I’ve been compiling this masterpiece for twelve months. It looks pretty comprehensive, but I’m sure there will be things I consider so run-of-the-mill that I haven’t mentioned them. I’ve done my best. There’s also a document about cataloguing music items, and a final document with examples of things catalogued.  Sheet music, CDs, Sammelbander – oh, it’s all there. I can’t download my entire career’s knowledge and experience, but these documents might help.

I hope my successors find these at least slightly useful!

To be truthful, I don’t know what I’ll do at work tomorrow morning. I’ve never retired before. My son suggests it’s probably a bit like the last week at school before the holidays. I’m only semi-retiring, but maybe he’s right. (I should take a Scrabble board with me, then??)

I spent this morning indexing my book, as a scholar. Now to finish off cataloguing Lavay Smith’s CD, as a librarian!

A Social History of Amateur Music-Making and Scottish National Identity … being Advertised by Routledge!

I was all set to blog about the Librarian’s Last Tuesday, but my lunchtime discovery makes all that stuff about library owl mascots and jazz CDs seem rather trivial!

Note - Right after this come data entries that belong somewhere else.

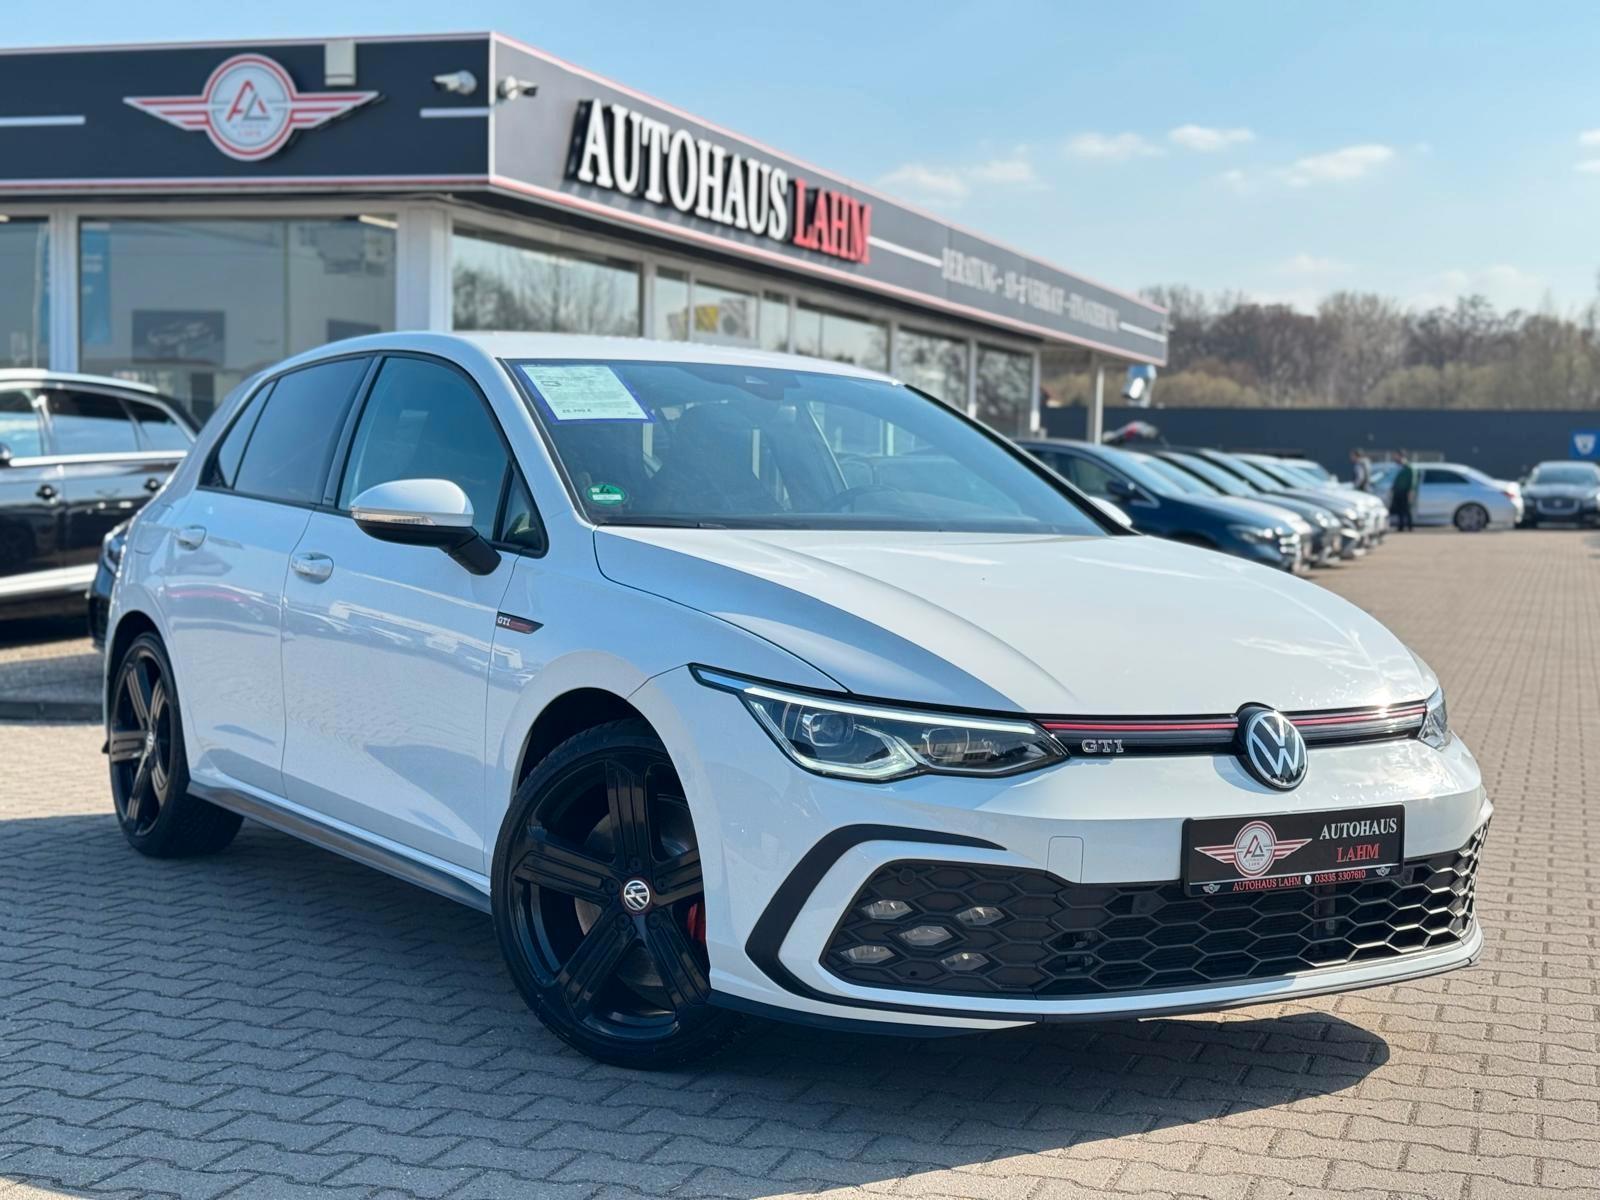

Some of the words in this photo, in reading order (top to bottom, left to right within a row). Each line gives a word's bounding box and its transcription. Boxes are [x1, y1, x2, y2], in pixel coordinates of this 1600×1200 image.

[578, 98, 788, 240] AUTOHAUS
[793, 178, 872, 264] LAHM
[497, 616, 511, 626] GTI
[1081, 739, 1125, 754] GTI
[1320, 818, 1397, 840] AUTOHAUS
[1336, 843, 1380, 863] LAHM
[1233, 878, 1277, 892] AUTOHAUS
[1278, 876, 1302, 887] LAHM
[1314, 872, 1337, 883] 03335
[1338, 869, 1366, 880] 3307610
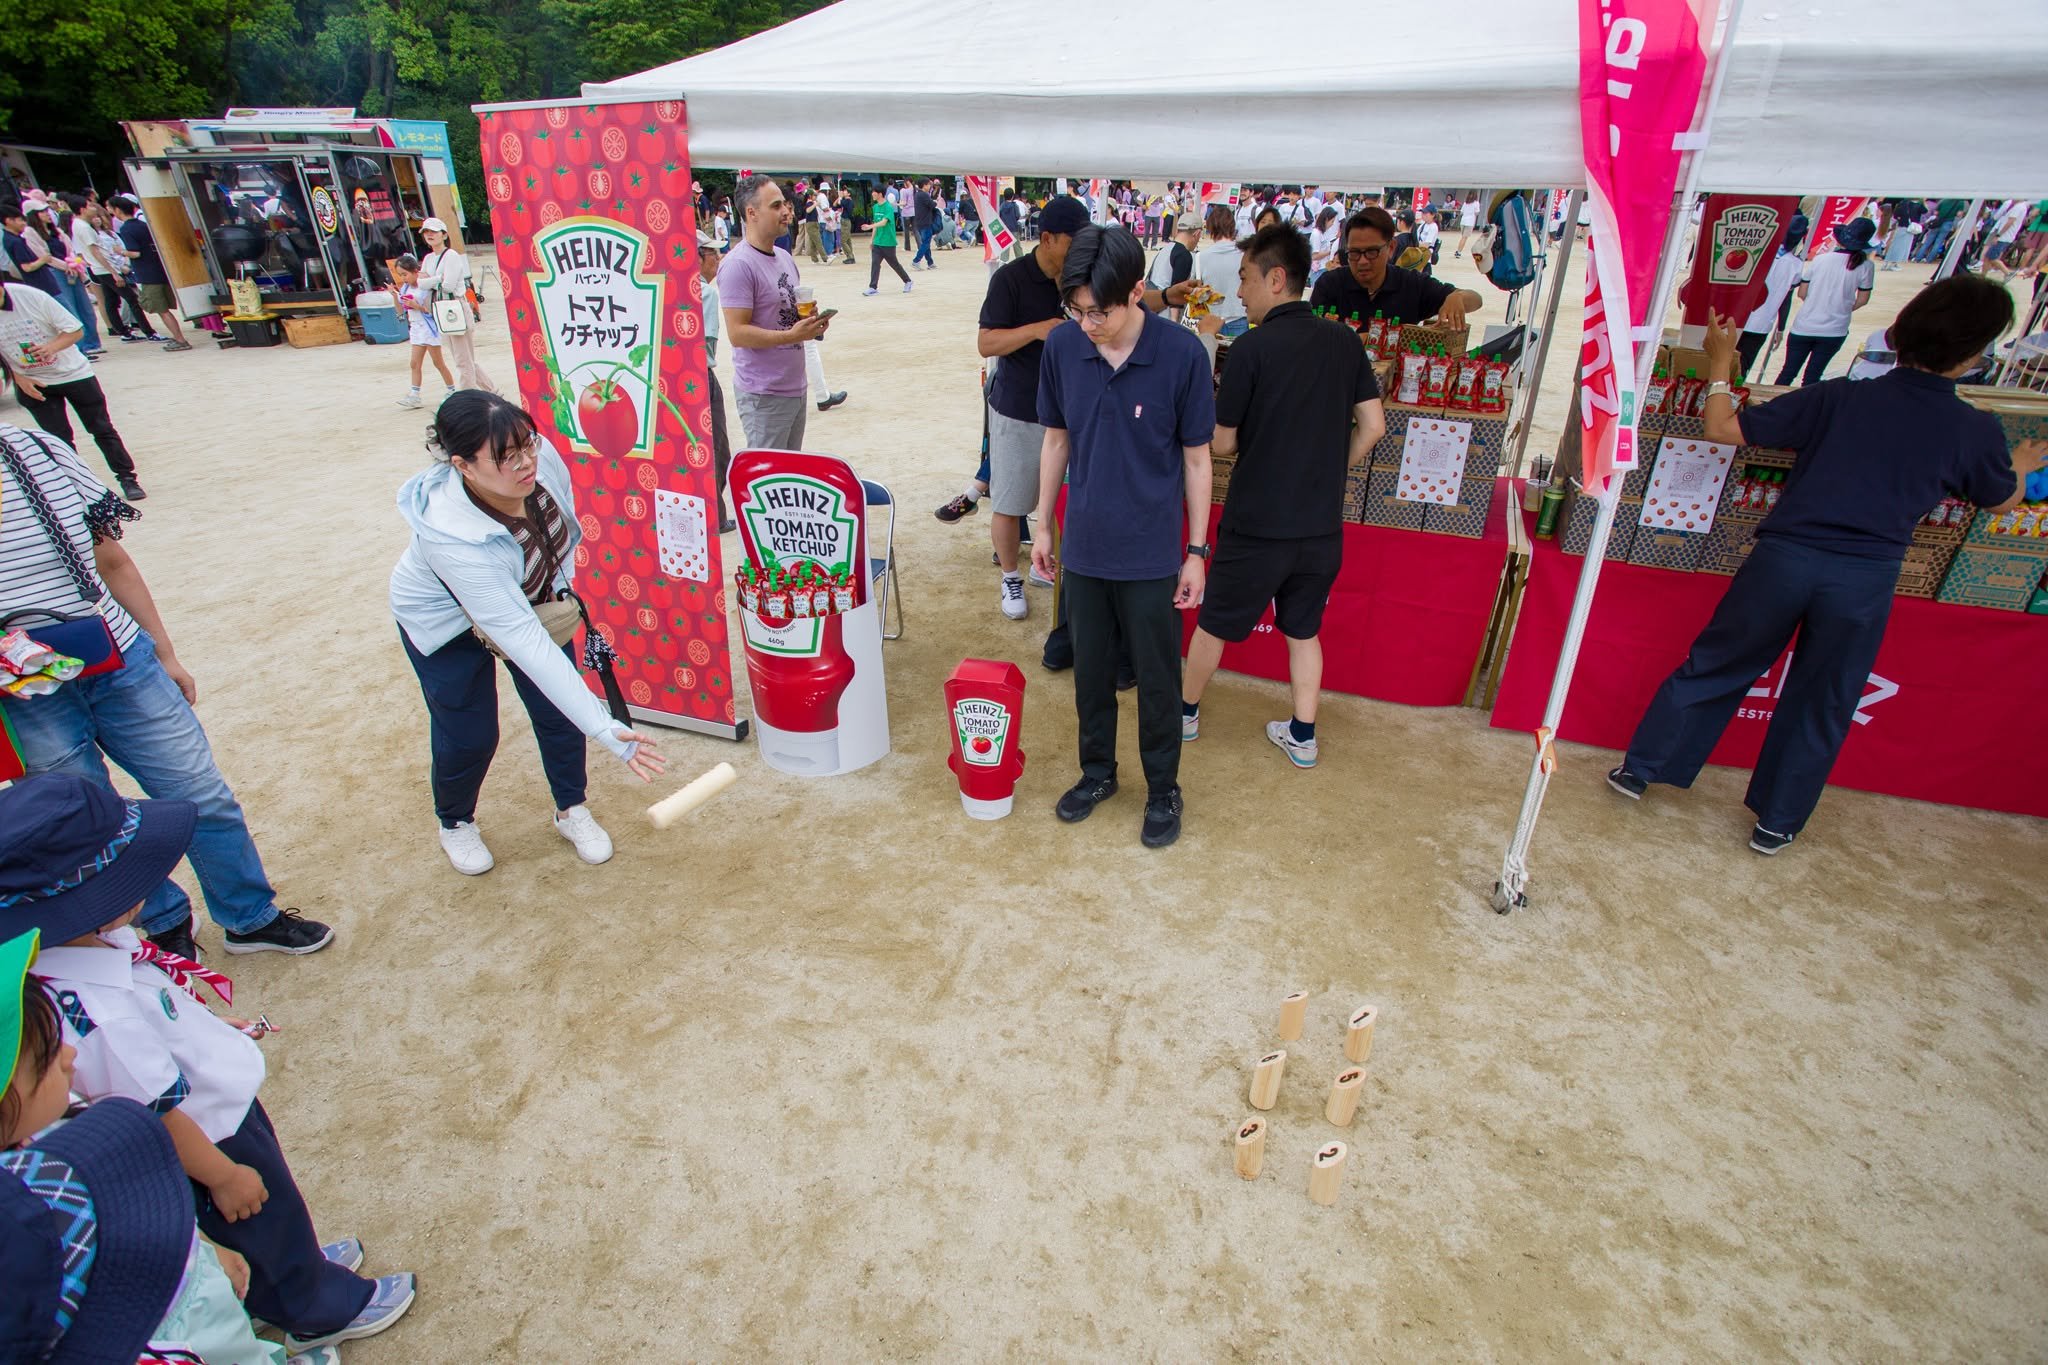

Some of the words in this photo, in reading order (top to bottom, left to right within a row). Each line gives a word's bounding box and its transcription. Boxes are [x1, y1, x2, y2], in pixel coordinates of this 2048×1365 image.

There I sat, half-heartedly eating my sushi, when it occurred to me that I hadn’t yet looked to see if my forthcoming book is advertised on the publisher’s website yet. I practically dropped the sushi in surprise (it wasn’t Boots’s best effort) when…

A Social History of Amateur  Music-Making and Scottish National Identity

There was my book looking at me! It’s the first time I’ve seen the title on the cover that I chose a few weeks ago. 

I haven’t even seen the proofs yet, and I’m still indexing it, but it’s really exciting to see its outward appearance.

Okay, it was the Performing Arts Librarian’s Last Tuesday.  But it was also the last Tuesday before I cease to be a partially-seconded researcher. In eight days I’ll be a part-time Post Doctoral Research Fellow.  Still indexing the forthcoming monograph!

Coming soon …

Jenny Joseph: ‘When I am an old Woman, I shall wear Purple’

You probably know Jenny Joseph’s brilliant poem, Warning?  It’s on the Scottish Poetry Library website.   The kind of poem you remember from time to time, and laugh wrily.

Well, I thought I’d make a dress. It’d be nice for my last librarianly day.  I cut it out this afternoon.  At that point, I realised.

What Have I Done?

I never thought when I chose that fabric … Well, too late now. I’d better get a red hat.